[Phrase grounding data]
BEGIN

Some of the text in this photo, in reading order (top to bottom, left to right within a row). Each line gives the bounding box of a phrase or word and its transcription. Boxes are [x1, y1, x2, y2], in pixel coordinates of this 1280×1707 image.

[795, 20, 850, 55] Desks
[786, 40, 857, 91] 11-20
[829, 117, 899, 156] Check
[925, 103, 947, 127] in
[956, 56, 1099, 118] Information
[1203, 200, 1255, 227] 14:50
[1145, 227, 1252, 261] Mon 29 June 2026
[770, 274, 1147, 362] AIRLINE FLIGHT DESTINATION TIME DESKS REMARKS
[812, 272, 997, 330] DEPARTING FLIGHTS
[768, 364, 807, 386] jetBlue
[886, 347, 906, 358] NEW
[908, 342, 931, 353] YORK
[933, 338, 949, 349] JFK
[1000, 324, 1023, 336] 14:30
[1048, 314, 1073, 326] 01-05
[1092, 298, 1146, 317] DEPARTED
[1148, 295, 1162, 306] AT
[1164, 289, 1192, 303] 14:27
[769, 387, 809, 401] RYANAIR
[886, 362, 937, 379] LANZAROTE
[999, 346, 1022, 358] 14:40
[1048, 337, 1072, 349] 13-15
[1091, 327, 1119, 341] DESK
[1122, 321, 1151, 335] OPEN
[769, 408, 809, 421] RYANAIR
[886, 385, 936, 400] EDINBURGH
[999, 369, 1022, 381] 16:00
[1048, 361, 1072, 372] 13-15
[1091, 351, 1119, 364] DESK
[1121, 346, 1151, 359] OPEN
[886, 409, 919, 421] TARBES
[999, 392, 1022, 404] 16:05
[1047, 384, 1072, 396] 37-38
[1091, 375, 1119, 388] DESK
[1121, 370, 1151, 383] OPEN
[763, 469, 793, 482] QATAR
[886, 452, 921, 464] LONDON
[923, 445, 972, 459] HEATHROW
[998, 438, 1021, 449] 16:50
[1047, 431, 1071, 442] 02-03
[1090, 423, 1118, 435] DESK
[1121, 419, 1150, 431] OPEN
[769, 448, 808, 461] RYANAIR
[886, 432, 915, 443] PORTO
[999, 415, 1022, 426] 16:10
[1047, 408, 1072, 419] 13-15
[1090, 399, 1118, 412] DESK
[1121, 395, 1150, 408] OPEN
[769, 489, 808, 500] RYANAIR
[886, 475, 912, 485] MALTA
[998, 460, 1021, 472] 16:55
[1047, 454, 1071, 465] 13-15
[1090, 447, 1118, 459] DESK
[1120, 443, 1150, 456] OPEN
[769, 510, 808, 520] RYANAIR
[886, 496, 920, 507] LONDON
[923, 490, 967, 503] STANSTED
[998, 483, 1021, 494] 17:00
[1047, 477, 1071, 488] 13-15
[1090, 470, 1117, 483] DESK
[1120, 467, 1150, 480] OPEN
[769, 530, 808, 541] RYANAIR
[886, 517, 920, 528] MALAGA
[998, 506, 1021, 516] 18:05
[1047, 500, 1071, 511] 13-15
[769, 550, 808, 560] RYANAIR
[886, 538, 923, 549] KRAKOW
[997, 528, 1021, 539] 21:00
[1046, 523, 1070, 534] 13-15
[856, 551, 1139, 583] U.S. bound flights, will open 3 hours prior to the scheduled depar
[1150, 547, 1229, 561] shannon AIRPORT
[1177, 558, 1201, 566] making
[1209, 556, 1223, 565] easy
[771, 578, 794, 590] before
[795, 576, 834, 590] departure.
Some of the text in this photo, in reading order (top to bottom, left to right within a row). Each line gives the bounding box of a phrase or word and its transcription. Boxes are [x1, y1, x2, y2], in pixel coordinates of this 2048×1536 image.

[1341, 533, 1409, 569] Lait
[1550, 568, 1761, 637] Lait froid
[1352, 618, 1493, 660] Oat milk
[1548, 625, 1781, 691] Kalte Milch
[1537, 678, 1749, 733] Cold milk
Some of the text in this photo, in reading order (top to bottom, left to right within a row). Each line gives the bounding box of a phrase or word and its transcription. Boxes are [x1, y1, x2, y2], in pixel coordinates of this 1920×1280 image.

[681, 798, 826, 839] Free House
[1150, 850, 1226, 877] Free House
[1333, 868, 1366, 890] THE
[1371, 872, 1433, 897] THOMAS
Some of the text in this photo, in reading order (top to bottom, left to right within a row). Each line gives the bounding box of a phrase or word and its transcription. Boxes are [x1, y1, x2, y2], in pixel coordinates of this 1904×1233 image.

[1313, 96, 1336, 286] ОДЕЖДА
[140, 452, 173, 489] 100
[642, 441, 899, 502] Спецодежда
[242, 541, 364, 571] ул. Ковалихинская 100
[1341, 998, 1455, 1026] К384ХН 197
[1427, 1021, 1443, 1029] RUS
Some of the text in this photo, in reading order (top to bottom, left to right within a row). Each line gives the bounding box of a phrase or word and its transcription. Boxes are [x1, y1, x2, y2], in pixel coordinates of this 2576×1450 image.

END

◆ YOUR TASK ◆
The answer is the full data, repeated exactly as shown.

◆ OUTPUT OF THE EXERCISE ◆
Some of the text in this photo, in reading order (top to bottom, left to right within a row). Each line gives the bounding box of a phrase or word and its transcription. Boxes are [x1, y1, x2, y2], in pixel coordinates of this 1280×1707 image.

[795, 20, 850, 55] Desks
[786, 40, 857, 91] 11-20
[829, 117, 899, 156] Check
[925, 103, 947, 127] in
[956, 56, 1099, 118] Information
[1203, 200, 1255, 227] 14:50
[1145, 227, 1252, 261] Mon 29 June 2026
[770, 274, 1147, 362] AIRLINE FLIGHT DESTINATION TIME DESKS REMARKS
[812, 272, 997, 330] DEPARTING FLIGHTS
[768, 364, 807, 386] jetBlue
[886, 347, 906, 358] NEW
[908, 342, 931, 353] YORK
[933, 338, 949, 349] JFK
[1000, 324, 1023, 336] 14:30
[1048, 314, 1073, 326] 01-05
[1092, 298, 1146, 317] DEPARTED
[1148, 295, 1162, 306] AT
[1164, 289, 1192, 303] 14:27
[769, 387, 809, 401] RYANAIR
[886, 362, 937, 379] LANZAROTE
[999, 346, 1022, 358] 14:40
[1048, 337, 1072, 349] 13-15
[1091, 327, 1119, 341] DESK
[1122, 321, 1151, 335] OPEN
[769, 408, 809, 421] RYANAIR
[886, 385, 936, 400] EDINBURGH
[999, 369, 1022, 381] 16:00
[1048, 361, 1072, 372] 13-15
[1091, 351, 1119, 364] DESK
[1121, 346, 1151, 359] OPEN
[886, 409, 919, 421] TARBES
[999, 392, 1022, 404] 16:05
[1047, 384, 1072, 396] 37-38
[1091, 375, 1119, 388] DESK
[1121, 370, 1151, 383] OPEN
[763, 469, 793, 482] QATAR
[886, 452, 921, 464] LONDON
[923, 445, 972, 459] HEATHROW
[998, 438, 1021, 449] 16:50
[1047, 431, 1071, 442] 02-03
[1090, 423, 1118, 435] DESK
[1121, 419, 1150, 431] OPEN
[769, 448, 808, 461] RYANAIR
[886, 432, 915, 443] PORTO
[999, 415, 1022, 426] 16:10
[1047, 408, 1072, 419] 13-15
[1090, 399, 1118, 412] DESK
[1121, 395, 1150, 408] OPEN
[769, 489, 808, 500] RYANAIR
[886, 475, 912, 485] MALTA
[998, 460, 1021, 472] 16:55
[1047, 454, 1071, 465] 13-15
[1090, 447, 1118, 459] DESK
[1120, 443, 1150, 456] OPEN
[769, 510, 808, 520] RYANAIR
[886, 496, 920, 507] LONDON
[923, 490, 967, 503] STANSTED
[998, 483, 1021, 494] 17:00
[1047, 477, 1071, 488] 13-15
[1090, 470, 1117, 483] DESK
[1120, 467, 1150, 480] OPEN
[769, 530, 808, 541] RYANAIR
[886, 517, 920, 528] MALAGA
[998, 506, 1021, 516] 18:05
[1047, 500, 1071, 511] 13-15
[769, 550, 808, 560] RYANAIR
[886, 538, 923, 549] KRAKOW
[997, 528, 1021, 539] 21:00
[1046, 523, 1070, 534] 13-15
[856, 551, 1139, 583] U.S. bound flights, will open 3 hours prior to the scheduled depar
[1150, 547, 1229, 561] shannon AIRPORT
[1177, 558, 1201, 566] making
[1209, 556, 1223, 565] easy
[771, 578, 794, 590] before
[795, 576, 834, 590] departure.
Some of the text in this photo, in reading order (top to bottom, left to right within a row). Each line gives the bounding box of a phrase or word and its transcription. Boxes are [x1, y1, x2, y2], in pixel coordinates of this 2048×1536 image.

[1341, 533, 1409, 569] Lait
[1550, 568, 1761, 637] Lait froid
[1352, 618, 1493, 660] Oat milk
[1548, 625, 1781, 691] Kalte Milch
[1537, 678, 1749, 733] Cold milk
Some of the text in this photo, in reading order (top to bottom, left to right within a row). Each line gives the bounding box of a phrase or word and its transcription. Boxes are [x1, y1, x2, y2], in pixel coordinates of this 1920×1280 image.

[681, 798, 826, 839] Free House
[1150, 850, 1226, 877] Free House
[1333, 868, 1366, 890] THE
[1371, 872, 1433, 897] THOMAS
Some of the text in this photo, in reading order (top to bottom, left to right within a row). Each line gives the bounding box of a phrase or word and its transcription. Boxes are [x1, y1, x2, y2], in pixel coordinates of this 1904×1233 image.

[1313, 96, 1336, 286] ОДЕЖДА
[140, 452, 173, 489] 100
[642, 441, 899, 502] Спецодежда
[242, 541, 364, 571] ул. Ковалихинская 100
[1341, 998, 1455, 1026] К384ХН 197
[1427, 1021, 1443, 1029] RUS
Some of the text in this photo, in reading order (top to bottom, left to right within a row). Each line gives the bounding box of a phrase or word and its transcription. Boxes are [x1, y1, x2, y2], in pixel coordinates of this 2576×1450 image.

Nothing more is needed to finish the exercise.